FORT WAYNE, Ind. (AP) - Mark Baker doesn't mess around when it comes to teaching volunteer firefighters how to rescue someone trapped in a grain bin. Even when it's a carefully controlled situation.

"Keep digging, keep digging, keep digging. Let's go!" he shouts to trainees scooping grain from around a volunteer standing inside a mobile silo. "Too much time. Too much time."

Baker knows that every minute counts when someone is trapped, being slowly crushed by the pressure of corn or soybean kernels. It's like a drowning, he said, with the victim unable to breathe because of the intense pressure placed on his chest.

"The pounds of grain pressure on their bodies constricts them over and over," he added.

About 40 volunteer firefighters gathered Saturday on the Lutheran Hospital campus in southwest Fort Wayne for training in grain bin and farm equipment rescues. They represented Woodburn, Avilla, Poe, St. Joseph and other areas in Allen County.

"We're trying to protect our best resource, which is our farmers," said Baker, a trainer with Stateline Farm Rescue.

The Orangeville, Illinois, company travels the country, training first responders in rural areas how to rescue farming accident victims.

In 2010, 51 people were trapped in grain storage in bins and 26 of them died, according to the Occupational Safety and Health Administration. OSHA describes grain handling as "a high-hazard industry" in which "workers can be exposed to risks such as fires and explosions, suffocation from engulfment and entrapment in grain bins, falls from heights, and crushing/amputation injuries."

Grain, experts say, can act like quicksand when someone is walking inside a silo to try to move it.

Allen County Farm Bureau Inc. sponsored the all-day training, which included classroom and hands-on sessions. Last year, two people were trapped in grain bins just in the eastern part of Allen County, said Tom Miller, who is vice president of the local farm bureau's board.
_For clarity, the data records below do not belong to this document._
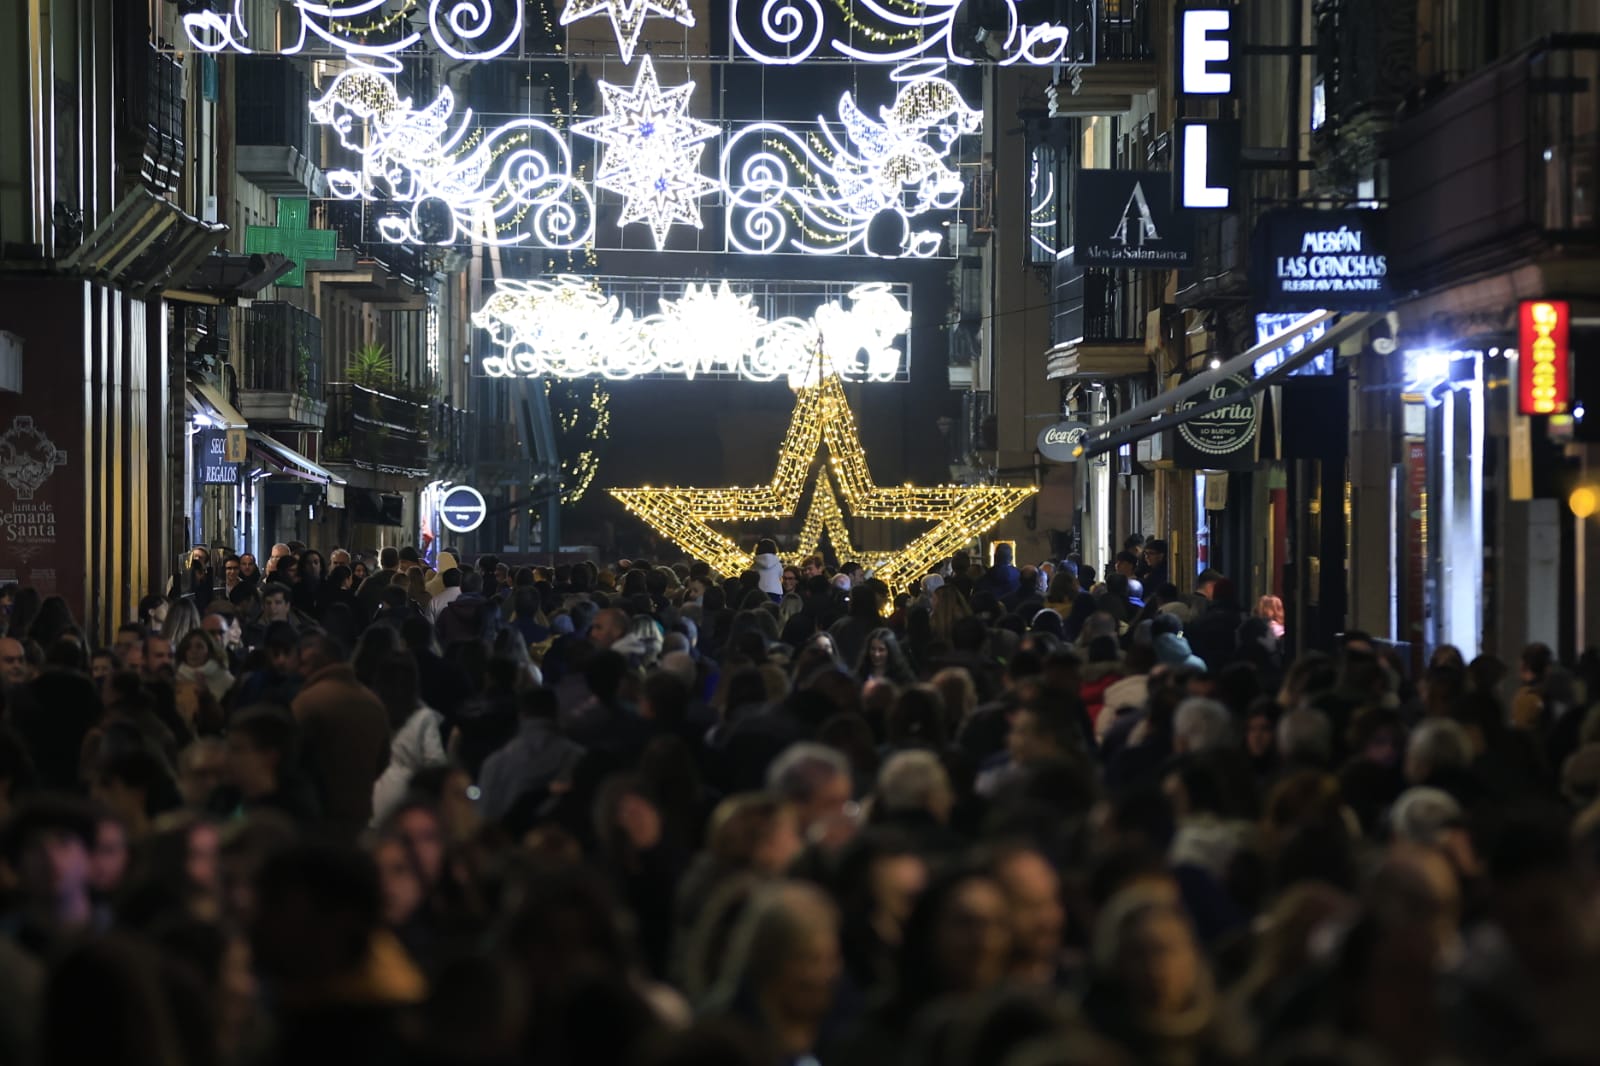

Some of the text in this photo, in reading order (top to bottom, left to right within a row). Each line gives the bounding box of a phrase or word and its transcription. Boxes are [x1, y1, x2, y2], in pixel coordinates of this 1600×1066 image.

[1302, 225, 1362, 253] MESÓN
[1123, 247, 1187, 260] Salamanca
[1277, 255, 1387, 278] LAS CONCHAS
[205, 466, 238, 482] REGALOS
[39, 501, 53, 512] de
[7, 524, 56, 541] Santa
"Thankfully, both people got out alive," he said. "If the fire department had done the wrong thing, it could have been disastrous."

Jeb Sheidler, executive director of Lutheran's trauma services, said the majority of farm-related accidents are preventable. But, when they do happen, rescuers need to know what to do.
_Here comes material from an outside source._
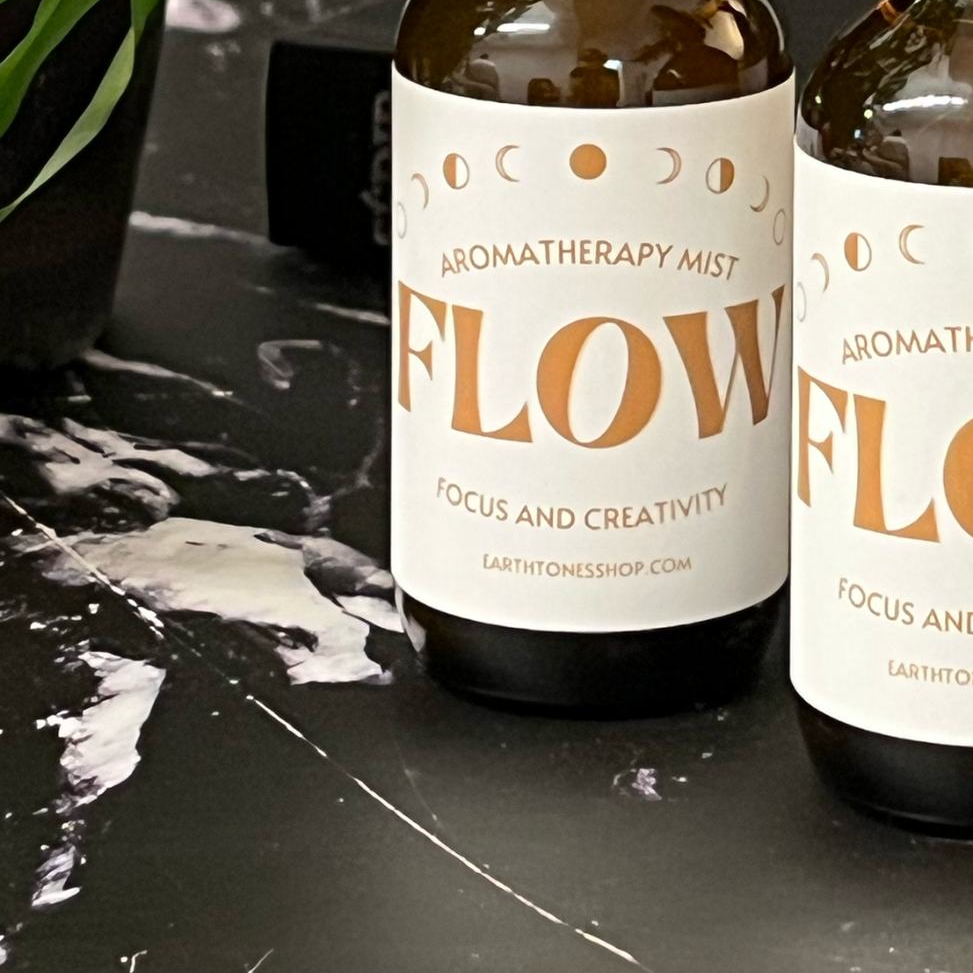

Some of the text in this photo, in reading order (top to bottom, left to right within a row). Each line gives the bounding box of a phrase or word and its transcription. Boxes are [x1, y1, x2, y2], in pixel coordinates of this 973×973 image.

Sheidler taught the responders how to control heavy bleeding after a victim has been removed from farm equipment, such as an auger. When a tourniquet isn't available, a pumped up blood pressure cuff can work in a pinch, he said.

"Farming is a very dangerous occupation," Sheidler said, adding that people older than 60 and younger than 15 suffer a disproportionately higher number of farming injuries. "We see a lot of kids injured in farm accidents."

Saturday's training included how to use tools to cut into grain bins' sheet metal sides.

Katherine Tsakkos was one of the volunteers who climbed into the grain bin. The pressure on her legs and hips was intense she said afterward.

The outline of individual corn kernels was still visible on her legs half an hour after she was "rescued."

"Under prolonged conditions, it could cause damage," she said. "It's very tight. It really is."

Sam Sliger, who has volunteered with the St. Joseph Township fire department for more than four years, has never been called out on a farm rescue.

Listening to the trainers, he gained an appreciation for how dangerous farming is. And he gained something else from the training that three others from his squad completed:

Confidence in mounting a grain bin rescue.

The sobering part was learning out to cut into grain bins to lessen some of the pressure. Because rescuers want to provide quick relief, they might need to wield those power tools while dangling dozens of feet in the air if someone is trapped near the top of a 40- or 50-foot silo, Sliger said.

"It's a gut check," he added.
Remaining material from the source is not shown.